[EXERCISE MATERIALS Boundary: Start]
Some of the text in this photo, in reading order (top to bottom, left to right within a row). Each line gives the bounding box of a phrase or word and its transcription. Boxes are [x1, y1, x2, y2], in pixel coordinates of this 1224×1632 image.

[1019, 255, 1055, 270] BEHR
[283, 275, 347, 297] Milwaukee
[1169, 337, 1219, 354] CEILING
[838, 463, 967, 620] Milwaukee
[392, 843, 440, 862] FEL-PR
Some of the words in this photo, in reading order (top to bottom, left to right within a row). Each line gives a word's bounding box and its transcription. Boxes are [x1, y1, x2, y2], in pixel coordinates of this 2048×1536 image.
[EXERCISE MATERIALS Boundary: End]
[EXERCISE MATERIALS Boundary: Start]
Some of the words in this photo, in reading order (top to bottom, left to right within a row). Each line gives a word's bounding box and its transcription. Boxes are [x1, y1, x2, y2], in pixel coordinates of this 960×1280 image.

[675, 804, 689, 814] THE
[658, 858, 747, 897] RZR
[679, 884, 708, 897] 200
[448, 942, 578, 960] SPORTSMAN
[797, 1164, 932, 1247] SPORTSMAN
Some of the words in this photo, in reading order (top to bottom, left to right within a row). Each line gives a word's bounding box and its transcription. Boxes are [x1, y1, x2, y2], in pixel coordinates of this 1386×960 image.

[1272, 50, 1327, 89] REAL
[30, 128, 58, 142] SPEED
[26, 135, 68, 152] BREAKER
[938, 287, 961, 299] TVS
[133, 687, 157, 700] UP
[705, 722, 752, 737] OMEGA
[EXERCISE MATERIALS Boundary: End]
[EXERCISE MATERIALS Boundary: Start]
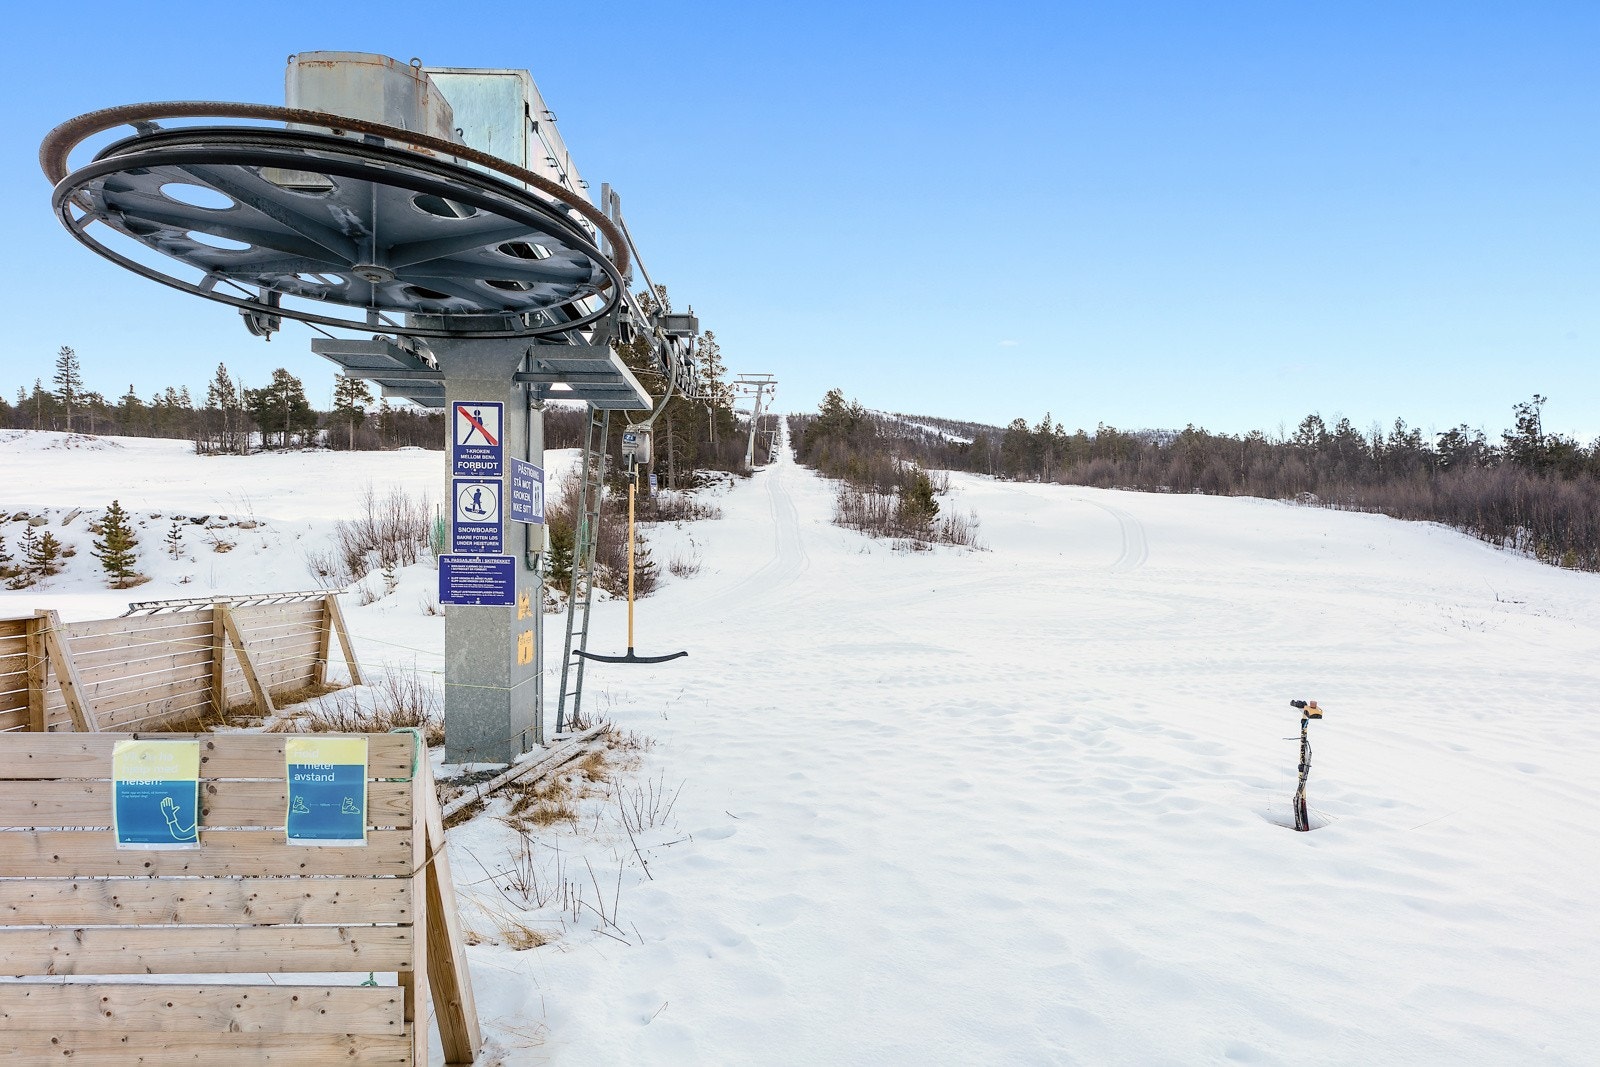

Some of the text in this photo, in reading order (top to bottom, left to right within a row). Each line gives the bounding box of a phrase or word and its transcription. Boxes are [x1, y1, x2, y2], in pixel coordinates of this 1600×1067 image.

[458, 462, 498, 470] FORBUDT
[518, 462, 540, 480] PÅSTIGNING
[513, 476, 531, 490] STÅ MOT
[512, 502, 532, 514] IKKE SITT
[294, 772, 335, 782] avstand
[EXERCISE MATERIALS Boundary: End]
## INSTRUCTIONS FOR THE TASK
Copy the lines above exactly, beginning at the line that has "this 1224×1632 image." and stopping after the line that has "this 2048×1536 image.", and omit the rest.

## TASK OUTPUT
Some of the text in this photo, in reading order (top to bottom, left to right within a row). Each line gives the bounding box of a phrase or word and its transcription. Boxes are [x1, y1, x2, y2], in pixel coordinates of this 1224×1632 image.

[1019, 255, 1055, 270] BEHR
[283, 275, 347, 297] Milwaukee
[1169, 337, 1219, 354] CEILING
[838, 463, 967, 620] Milwaukee
[392, 843, 440, 862] FEL-PR
Some of the words in this photo, in reading order (top to bottom, left to right within a row). Each line gives a word's bounding box and its transcription. Boxes are [x1, y1, x2, y2], in pixel coordinates of this 2048×1536 image.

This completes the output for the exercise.